He could make his own holster!
I could make the whole damn belt!
Care to explain why, exactly? It was no different from any other job hand-assembling custom-ordered items at a small, dreary factory. How should the actual product I was assembling make a difference? Does holding that job automatically make me some sort of morally bankrupt weirdo, not even worthy of an interview to find out what I'm really like?
Your second sentence suggests a lack of professionalism and maturity. Maybe that's the reason.
Mature enough to know that putting a dildo factory on a resume is not the best idea. Didn't mean to insult your intelligence.
Whats next....a robosex toy programmer and speed switch operator? This will not help you in the DDC market. Lolz!
Meh, it frankly shouldn't matter, at least not to anyone professional enough to not go 'hur hur boobs lol' and chuck a resume immediately because it upsets their prenotions of 'values'. And you still didn't explain why exactly it's such a problem, other than 'lol dildo'.
Besides, the only other option is to have a big hole in my work history, which will be ferreted out in an interview anyway. You'll notice I had that job during some of the worst months of our current economic slump. Options were slim.
Sorry to be so combative, but being dismissed based on once having a perfectly average job because someone else imagines that it wasn't perfectly average is very irritating.

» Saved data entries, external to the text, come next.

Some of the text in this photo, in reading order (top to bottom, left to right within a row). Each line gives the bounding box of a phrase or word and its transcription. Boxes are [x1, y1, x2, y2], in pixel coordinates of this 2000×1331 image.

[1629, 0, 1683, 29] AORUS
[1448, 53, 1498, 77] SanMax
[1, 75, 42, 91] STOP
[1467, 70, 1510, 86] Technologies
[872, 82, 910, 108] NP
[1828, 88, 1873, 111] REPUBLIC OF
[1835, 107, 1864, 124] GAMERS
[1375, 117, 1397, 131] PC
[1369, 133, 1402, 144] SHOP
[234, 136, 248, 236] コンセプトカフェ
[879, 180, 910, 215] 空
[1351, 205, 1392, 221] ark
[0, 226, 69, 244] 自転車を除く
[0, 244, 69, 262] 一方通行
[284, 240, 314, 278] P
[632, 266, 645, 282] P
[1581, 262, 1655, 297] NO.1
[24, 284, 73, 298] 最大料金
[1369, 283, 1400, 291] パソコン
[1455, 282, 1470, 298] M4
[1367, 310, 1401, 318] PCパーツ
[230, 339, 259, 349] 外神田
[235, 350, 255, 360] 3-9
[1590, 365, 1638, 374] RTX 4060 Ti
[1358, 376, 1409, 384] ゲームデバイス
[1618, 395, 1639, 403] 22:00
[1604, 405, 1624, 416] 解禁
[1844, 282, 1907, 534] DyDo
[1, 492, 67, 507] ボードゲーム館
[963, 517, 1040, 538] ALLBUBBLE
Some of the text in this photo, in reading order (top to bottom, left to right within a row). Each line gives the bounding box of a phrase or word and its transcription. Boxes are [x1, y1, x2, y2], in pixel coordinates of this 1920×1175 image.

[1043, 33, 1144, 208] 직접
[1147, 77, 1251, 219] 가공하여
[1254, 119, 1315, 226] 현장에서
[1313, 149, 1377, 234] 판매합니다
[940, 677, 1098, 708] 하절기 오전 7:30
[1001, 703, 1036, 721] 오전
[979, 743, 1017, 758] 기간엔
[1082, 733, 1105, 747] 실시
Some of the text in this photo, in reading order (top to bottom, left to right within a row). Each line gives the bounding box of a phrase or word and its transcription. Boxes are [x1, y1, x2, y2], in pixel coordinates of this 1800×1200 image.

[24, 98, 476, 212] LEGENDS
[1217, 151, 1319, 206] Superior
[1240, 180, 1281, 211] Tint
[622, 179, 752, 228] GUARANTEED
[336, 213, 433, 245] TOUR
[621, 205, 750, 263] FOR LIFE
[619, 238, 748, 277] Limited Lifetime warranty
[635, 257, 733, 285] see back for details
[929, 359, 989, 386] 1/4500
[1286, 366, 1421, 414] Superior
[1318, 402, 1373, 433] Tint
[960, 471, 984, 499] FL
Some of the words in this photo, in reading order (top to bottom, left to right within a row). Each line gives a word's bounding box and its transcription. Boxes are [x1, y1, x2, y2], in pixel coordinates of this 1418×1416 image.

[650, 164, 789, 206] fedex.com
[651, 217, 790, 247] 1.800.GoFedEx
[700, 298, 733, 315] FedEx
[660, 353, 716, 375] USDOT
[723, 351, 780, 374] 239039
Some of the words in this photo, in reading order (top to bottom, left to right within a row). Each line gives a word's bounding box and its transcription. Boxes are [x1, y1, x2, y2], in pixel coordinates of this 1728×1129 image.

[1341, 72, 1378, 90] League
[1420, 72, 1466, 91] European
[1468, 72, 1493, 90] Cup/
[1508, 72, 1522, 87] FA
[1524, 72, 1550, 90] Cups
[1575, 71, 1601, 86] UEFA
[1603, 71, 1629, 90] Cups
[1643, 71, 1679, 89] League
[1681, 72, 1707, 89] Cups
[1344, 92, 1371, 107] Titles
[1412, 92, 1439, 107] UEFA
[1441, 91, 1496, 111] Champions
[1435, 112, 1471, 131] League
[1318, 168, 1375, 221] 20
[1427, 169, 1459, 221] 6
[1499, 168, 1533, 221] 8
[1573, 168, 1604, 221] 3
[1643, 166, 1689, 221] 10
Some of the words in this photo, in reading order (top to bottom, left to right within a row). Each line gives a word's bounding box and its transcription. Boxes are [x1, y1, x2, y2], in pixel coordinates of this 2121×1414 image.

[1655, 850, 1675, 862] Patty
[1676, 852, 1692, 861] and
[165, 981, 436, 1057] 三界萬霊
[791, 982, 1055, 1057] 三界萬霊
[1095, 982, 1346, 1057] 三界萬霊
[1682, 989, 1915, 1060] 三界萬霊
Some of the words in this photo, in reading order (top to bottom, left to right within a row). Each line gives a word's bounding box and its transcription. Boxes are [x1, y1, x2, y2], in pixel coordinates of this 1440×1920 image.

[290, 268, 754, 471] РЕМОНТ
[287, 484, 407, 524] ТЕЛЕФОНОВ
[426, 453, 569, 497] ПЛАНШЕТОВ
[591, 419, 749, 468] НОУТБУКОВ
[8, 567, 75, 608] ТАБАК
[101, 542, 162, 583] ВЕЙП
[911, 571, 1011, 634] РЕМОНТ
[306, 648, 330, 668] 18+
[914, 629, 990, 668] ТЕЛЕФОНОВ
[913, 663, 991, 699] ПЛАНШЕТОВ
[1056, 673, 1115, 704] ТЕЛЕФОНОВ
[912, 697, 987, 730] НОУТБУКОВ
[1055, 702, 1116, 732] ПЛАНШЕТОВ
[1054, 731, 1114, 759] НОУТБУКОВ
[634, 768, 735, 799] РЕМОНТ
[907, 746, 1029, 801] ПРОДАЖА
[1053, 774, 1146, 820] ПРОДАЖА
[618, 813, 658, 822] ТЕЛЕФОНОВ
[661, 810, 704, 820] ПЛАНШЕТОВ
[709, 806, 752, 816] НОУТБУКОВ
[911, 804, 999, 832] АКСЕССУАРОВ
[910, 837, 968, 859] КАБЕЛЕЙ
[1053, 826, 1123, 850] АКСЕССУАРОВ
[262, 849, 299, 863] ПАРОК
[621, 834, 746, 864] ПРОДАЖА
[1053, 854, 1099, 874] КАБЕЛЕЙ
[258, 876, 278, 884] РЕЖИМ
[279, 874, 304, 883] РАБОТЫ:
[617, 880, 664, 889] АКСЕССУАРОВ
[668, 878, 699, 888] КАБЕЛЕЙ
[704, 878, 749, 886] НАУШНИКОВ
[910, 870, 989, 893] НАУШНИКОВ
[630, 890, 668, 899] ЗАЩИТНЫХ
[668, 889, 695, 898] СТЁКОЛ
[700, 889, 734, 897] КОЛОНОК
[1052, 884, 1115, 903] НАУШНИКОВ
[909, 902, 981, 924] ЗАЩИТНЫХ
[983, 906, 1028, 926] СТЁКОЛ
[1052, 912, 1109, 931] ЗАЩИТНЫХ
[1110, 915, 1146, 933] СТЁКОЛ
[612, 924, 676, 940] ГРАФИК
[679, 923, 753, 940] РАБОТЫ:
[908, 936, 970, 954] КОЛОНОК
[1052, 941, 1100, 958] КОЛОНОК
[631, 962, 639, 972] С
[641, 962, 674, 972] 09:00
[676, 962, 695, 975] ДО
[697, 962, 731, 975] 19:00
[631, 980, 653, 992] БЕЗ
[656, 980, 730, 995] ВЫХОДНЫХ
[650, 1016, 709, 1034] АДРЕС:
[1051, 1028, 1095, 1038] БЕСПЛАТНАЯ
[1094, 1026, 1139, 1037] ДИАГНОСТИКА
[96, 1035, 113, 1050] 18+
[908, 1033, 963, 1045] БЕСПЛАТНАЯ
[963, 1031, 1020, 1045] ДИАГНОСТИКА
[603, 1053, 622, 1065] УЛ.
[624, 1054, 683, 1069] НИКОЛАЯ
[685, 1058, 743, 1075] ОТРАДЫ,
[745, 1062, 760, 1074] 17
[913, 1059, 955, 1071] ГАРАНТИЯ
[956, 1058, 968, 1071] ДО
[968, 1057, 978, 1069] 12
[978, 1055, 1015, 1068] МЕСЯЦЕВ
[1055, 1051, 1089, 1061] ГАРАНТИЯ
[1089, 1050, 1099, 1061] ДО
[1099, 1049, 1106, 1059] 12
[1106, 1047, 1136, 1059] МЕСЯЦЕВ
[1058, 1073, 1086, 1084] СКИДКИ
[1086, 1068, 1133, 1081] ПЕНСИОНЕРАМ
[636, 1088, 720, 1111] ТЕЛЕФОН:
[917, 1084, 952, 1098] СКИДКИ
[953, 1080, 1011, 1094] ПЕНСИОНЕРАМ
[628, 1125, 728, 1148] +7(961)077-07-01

Just conceal it as manufacturing/assembly work. If they pry, then you can share the specifics.
Social engineering brutha....politicians do it all the time.
From earlier. And I should mention that googling the company name *won't* bring up their website, which goes under a completely different name.
And leather products assembly *was* my actual job title. If I'd been hired as 'Entry-level Whips 'n Chains Engineer' or something, I might be more inclined to get a bit more creative with my job title.